• What is expected: Without the images, write out the entries word for word.

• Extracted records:
%%

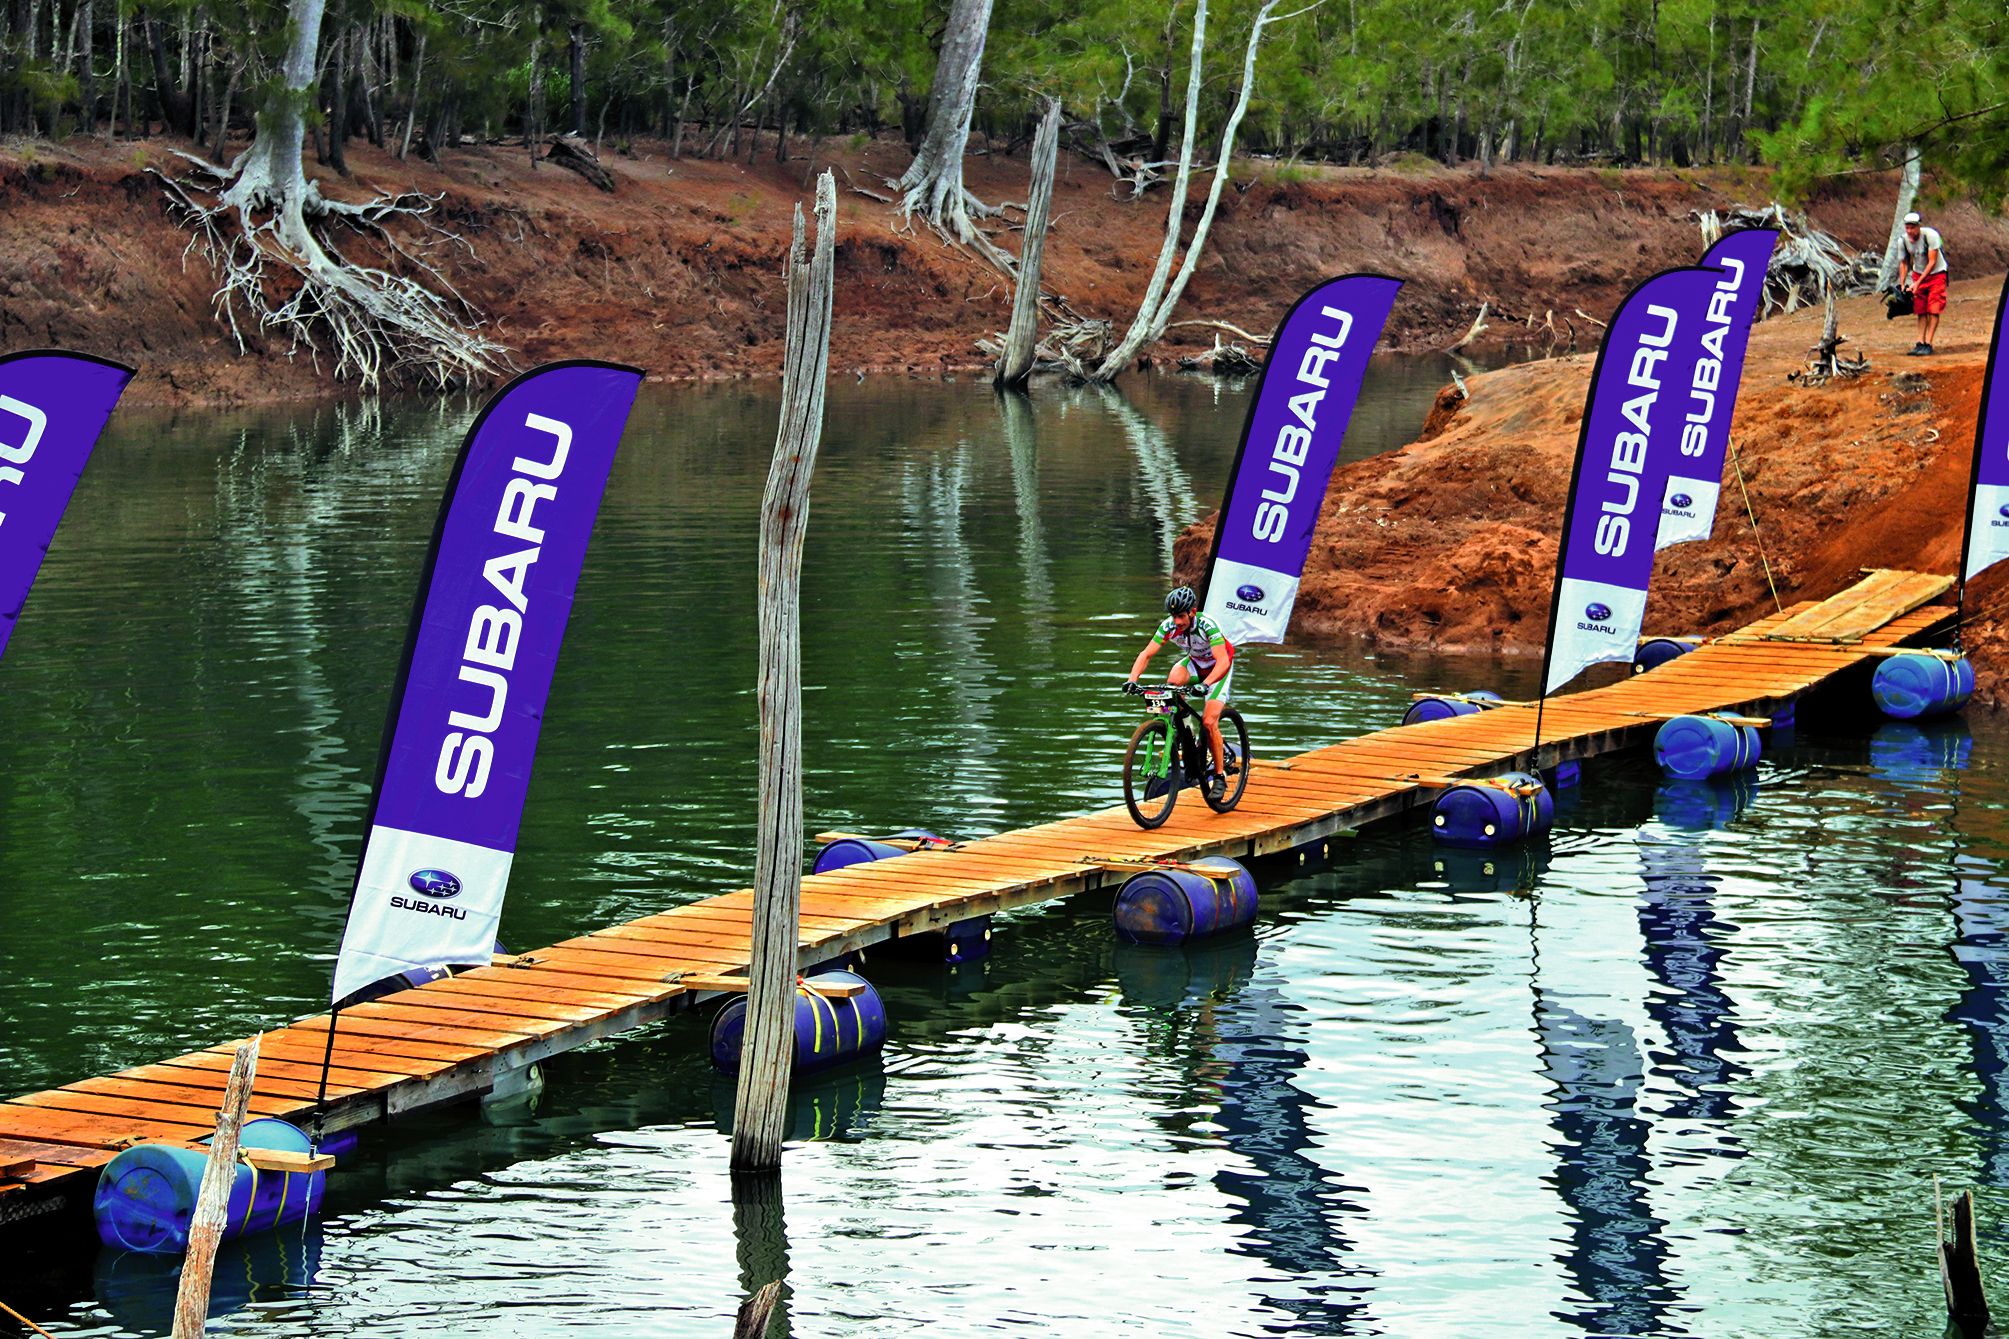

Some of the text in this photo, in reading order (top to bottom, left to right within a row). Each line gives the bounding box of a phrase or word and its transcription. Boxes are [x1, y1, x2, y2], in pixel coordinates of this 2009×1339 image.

[1681, 257, 1745, 458] SUBARU
[1252, 305, 1354, 543] SUBARU
[1594, 304, 1678, 557] SUBARU
[1662, 508, 1696, 518] SUBARU
[434, 412, 573, 799] SUBARU
[1226, 601, 1268, 616] SUBARU
[1577, 622, 1616, 635] SUBARU
[390, 896, 467, 921] SUBARU

%%

• Answer space:
Some of the text in this photo, in reading order (top to bottom, left to right within a row). Each line gives the bounding box of a phrase or word and its transcription. Boxes are [x1, y1, x2, y2], in pixel coordinates of this 2009×1339 image.

[1681, 257, 1745, 458] SUBARU
[1252, 305, 1354, 543] SUBARU
[1594, 304, 1678, 557] SUBARU
[1662, 508, 1696, 518] SUBARU
[434, 412, 573, 799] SUBARU
[1226, 601, 1268, 616] SUBARU
[1577, 622, 1616, 635] SUBARU
[390, 896, 467, 921] SUBARU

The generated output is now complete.